WHAT YOU WILL DO
Give the records again word for word. Leave every picture out.
:: INFORMATION GIVEN ::
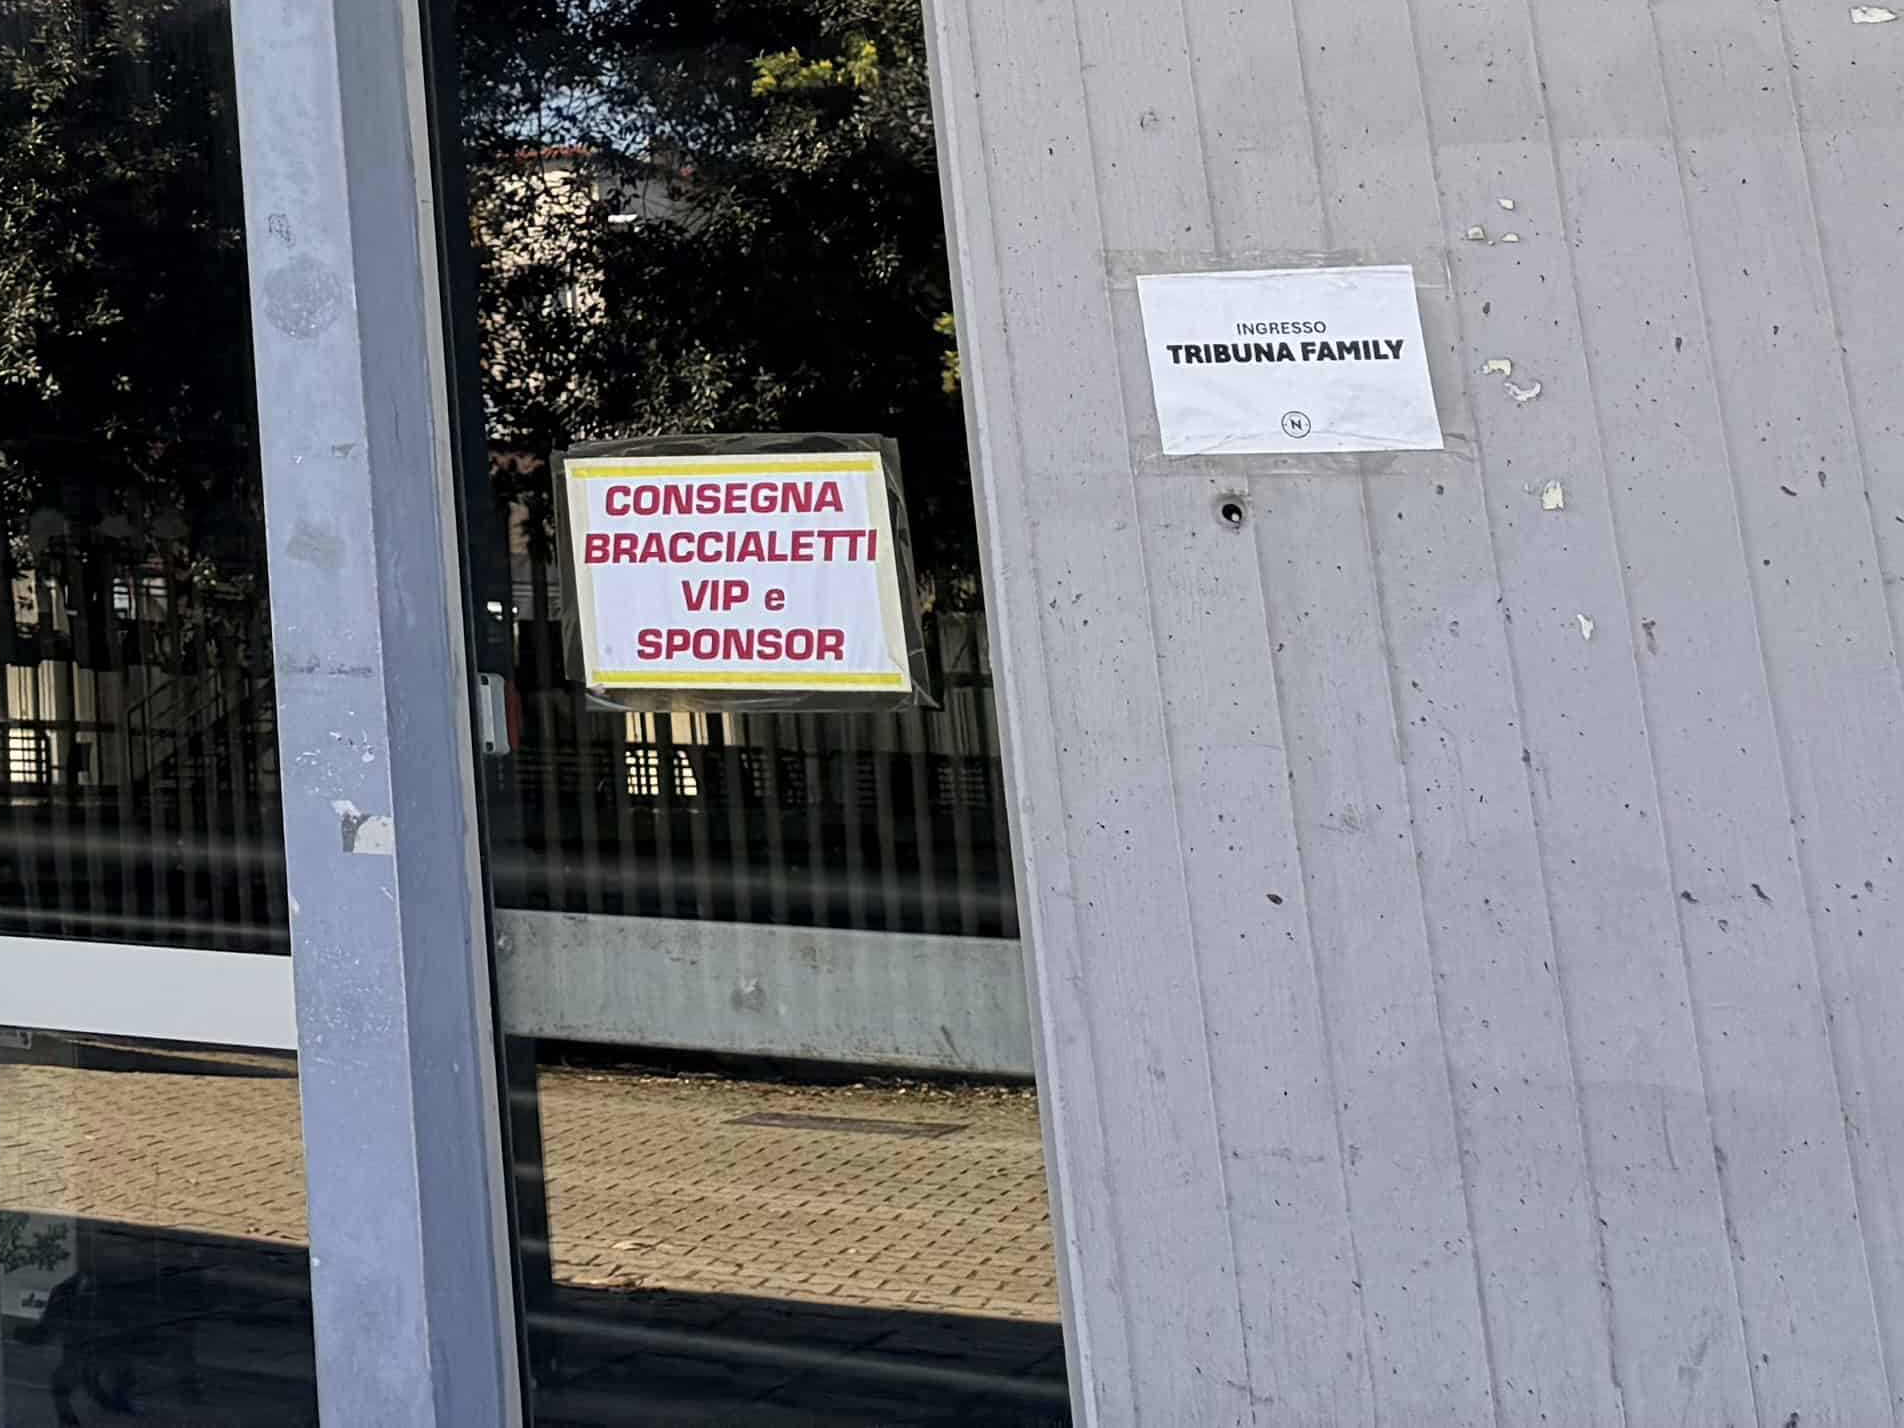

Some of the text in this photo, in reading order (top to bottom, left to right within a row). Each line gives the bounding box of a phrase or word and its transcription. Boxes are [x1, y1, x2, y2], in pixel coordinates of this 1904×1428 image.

[1237, 321, 1326, 335] INGRESSO
[1167, 340, 1403, 364] TRIBUNA FAMILY
[605, 481, 844, 516] CONSEGNA
[584, 529, 878, 564] BRACCIALETTI
[681, 579, 785, 611] VIP e
[637, 628, 845, 660] SPONSOR
:::
ANSWER SECTION
Some of the text in this photo, in reading order (top to bottom, left to right within a row). Each line gives the bounding box of a phrase or word and its transcription. Boxes are [x1, y1, x2, y2], in pixel coordinates of this 1904×1428 image.

[1237, 321, 1326, 335] INGRESSO
[1167, 340, 1403, 364] TRIBUNA FAMILY
[605, 481, 844, 516] CONSEGNA
[584, 529, 878, 564] BRACCIALETTI
[681, 579, 785, 611] VIP e
[637, 628, 845, 660] SPONSOR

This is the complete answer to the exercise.